Sat Nov 20 01:17:02 UTC 2004

jesk wrote:

>Hello,
>
>im thinking about a failover setup of webservices at different locations via
>DNS.
>I got some questions about the possibilities of this:
>
>1. how is "IN NS" cached and used by other bind nameservers if one of the NS
>is down? f.e. the TLD server has two "IN NS" records for my zone, now a
>nameserver is looking up this zone and will get this 2 records. first i
>think its trying to resolv via the first nameserver of the replyorder, but
>what would be if this one is down and not reachable, will the resolving
>nameserver try to query via the second one a second time? what would be if
>the first nameserver can succesfully answer, then will be cached by the
>resolving nameserver, but then in the future of the life of the cached "IN
>NS" record the nameserver will be down, is the second nameserver still in
>the cache and the failover will work if this will happen?
>
Nameservers will generally keep track of how fast other nameservers 
respond to queries and prefer faster nameservers over slower ones.
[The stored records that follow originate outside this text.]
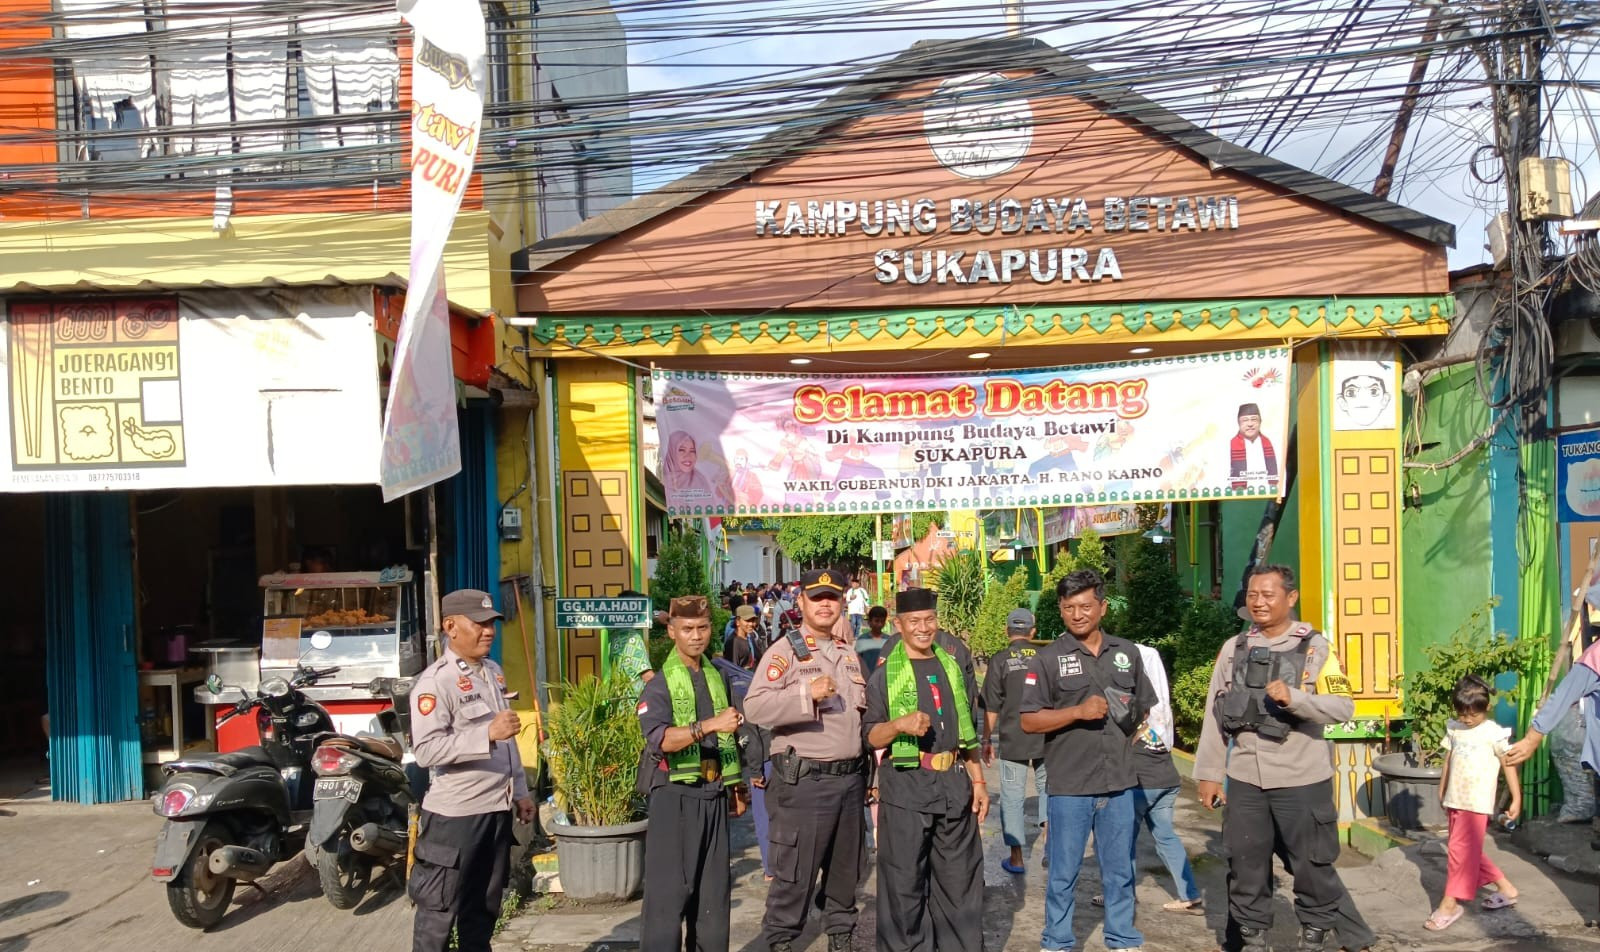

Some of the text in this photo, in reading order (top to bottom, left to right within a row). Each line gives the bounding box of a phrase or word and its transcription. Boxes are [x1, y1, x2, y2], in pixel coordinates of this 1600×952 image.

[755, 195, 1240, 236] KAMPUNG BUDAYA BETAWI
[874, 247, 1122, 284] SUKAPURA
[59, 352, 174, 373] JOERAGAN91
[61, 377, 114, 396] BENTO
[793, 378, 1148, 424] Selamat Datang
[827, 418, 1116, 446] Di Kampung Budaya Betawi
[914, 445, 1027, 463] SUKAPURA
[784, 479, 834, 492] WAKIL
[838, 477, 921, 491] GUBERNUR
[926, 475, 953, 489] DKI
[1039, 472, 1055, 485] H.
[1060, 470, 1103, 483] RANO
[1107, 467, 1163, 481] KARNO
[562, 601, 642, 612] GG.H.A.HADI
[566, 615, 599, 623] RT.001
[608, 615, 639, 623] RW.01
If a 
nameserver stops responding, it'll get heavily penalized as being "slow" 
but eventually used again in case it has recovered. Overall this 
mechanism makes nameserver-to-nameserver traffic rather adaptive and 
resilient.

>
>2. is the only solution to get a global dns failover without the use of
>routing protocols like BGP to use two or more nameservers at different
>locations(AS or something else) which will then answer queries f.e. of
>webservers with its own specific A-records? f.e. if nameserver A is down in
>cause of a routing problem, then a resolver will query nameserver B(located
>at a different provider) which then will answer a query for www.domain.tld
>with a specific A-record which will be reachable, because its in the same
>physically network.
>
That'll give you very basic, crude failover capabilities, but it won't 
give you actual load-balancing (since the speed at which the nameserver 
responds may have nothing to do with the load on the webservers or 
whatever other servers you're trying to load-balance). In fact, if one 
nameserver happens to be significantly closer to the Internet backbone 
and/or the source of the majority of your potential clients, you may 
find that this approach causes severe load skewing.
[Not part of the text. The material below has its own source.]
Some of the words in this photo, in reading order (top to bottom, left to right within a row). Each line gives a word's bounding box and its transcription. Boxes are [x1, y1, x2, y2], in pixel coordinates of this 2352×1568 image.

Another drawback of this approach, of course, is that you have to 
maintain two different versions of A records you want to be redundant.
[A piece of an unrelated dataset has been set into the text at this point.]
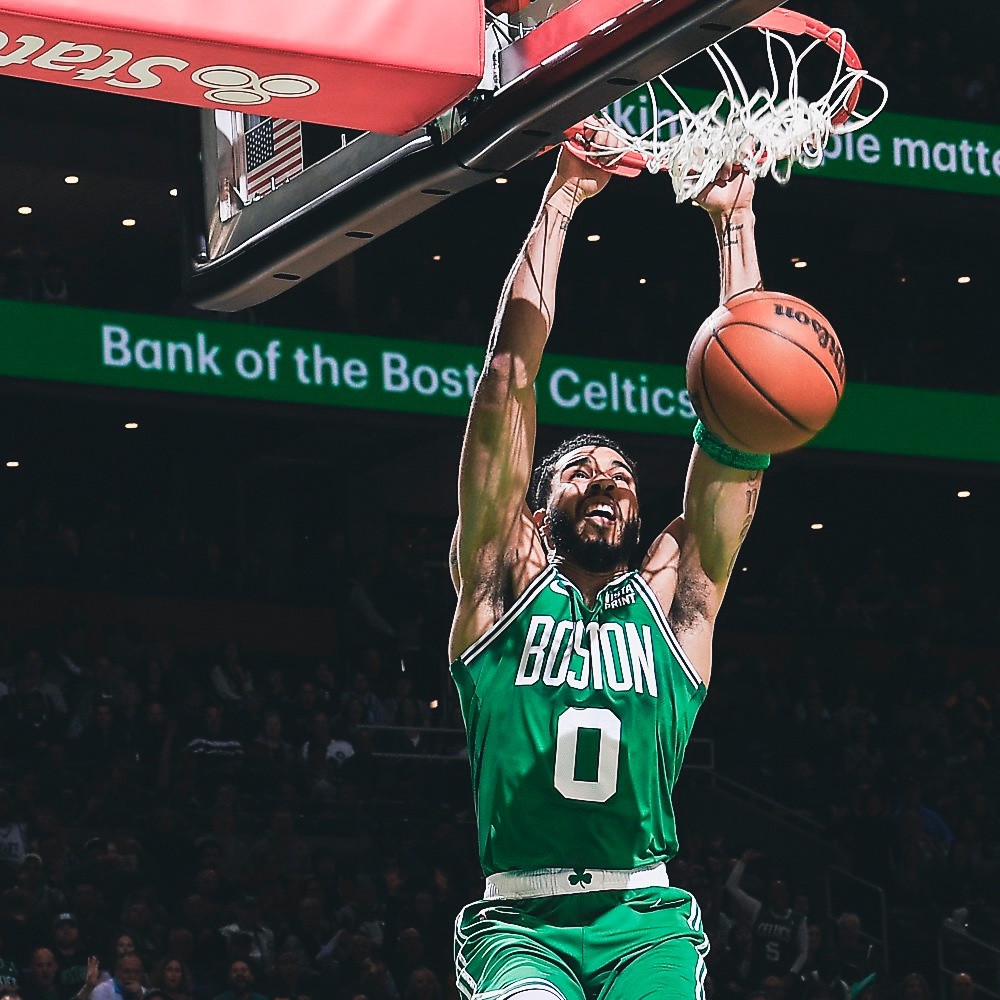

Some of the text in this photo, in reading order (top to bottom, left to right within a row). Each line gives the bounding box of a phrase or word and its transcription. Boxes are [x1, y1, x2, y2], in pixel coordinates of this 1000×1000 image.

[102, 325, 696, 418] Bank of the Bost Celtics
[515, 614, 659, 698] BOSTON
[553, 706, 622, 803] 0
>3. if the "IN NS" failover is possible, whats about caching nameservers
>which are caching A-records? are them also failover possible, if yes would
>it be possible to return the A-records for the webserver of both locations
>so that a client will try webserver A first and when not reachable webserver
>B (i think its a implementation thing and too much risk)? or is the only
>solution to create a zone with a TTL of zero?
>
Any DNS-based-solution is going to require low TTL values, since 
otherwise it won't be very dynamic. Lowering your TTL values like that 
is rather anti-social since it not only makes your nameservers work 
harder handling more queries, but it makes everyone *else*'s nameservers 
work harder querying your nameservers. As for the approach of using 
multiple A records, you can do that, but you'll get a certain amount of 
randomness depending on what your TTL values are set to, since most 
resolvers will "round-robin" their answers when replying from cache. 
Also, be aware that some clients (in particular, some web browsers), 
take a long time to do address failover. Longer than may be acceptable 
to your customers.

>thanks for any hints and explanations to get this fully understanding :)
>
The *right* way to use DNS for resource failover is to use SRV records. 
Unfortunately, very few client software authors have adopted SRV 
support. So in the meantime, most folks are implementing dedicated 
and/or hardware-based load-balancing solutions instead, which give 
load-balancing benefits as well as just failover. The better ones can be 
pretty pricey though.

As you mention above, it's also possible to play stupid BGP tricks and 
the like to squeeze out some failover and/or load-balancing 
functionality. I don't have any direct experience with that, but I am 
led to believe that there are serious drawbacks to that approach in 
terms of reliability and convergence time.

                                                   - Kevin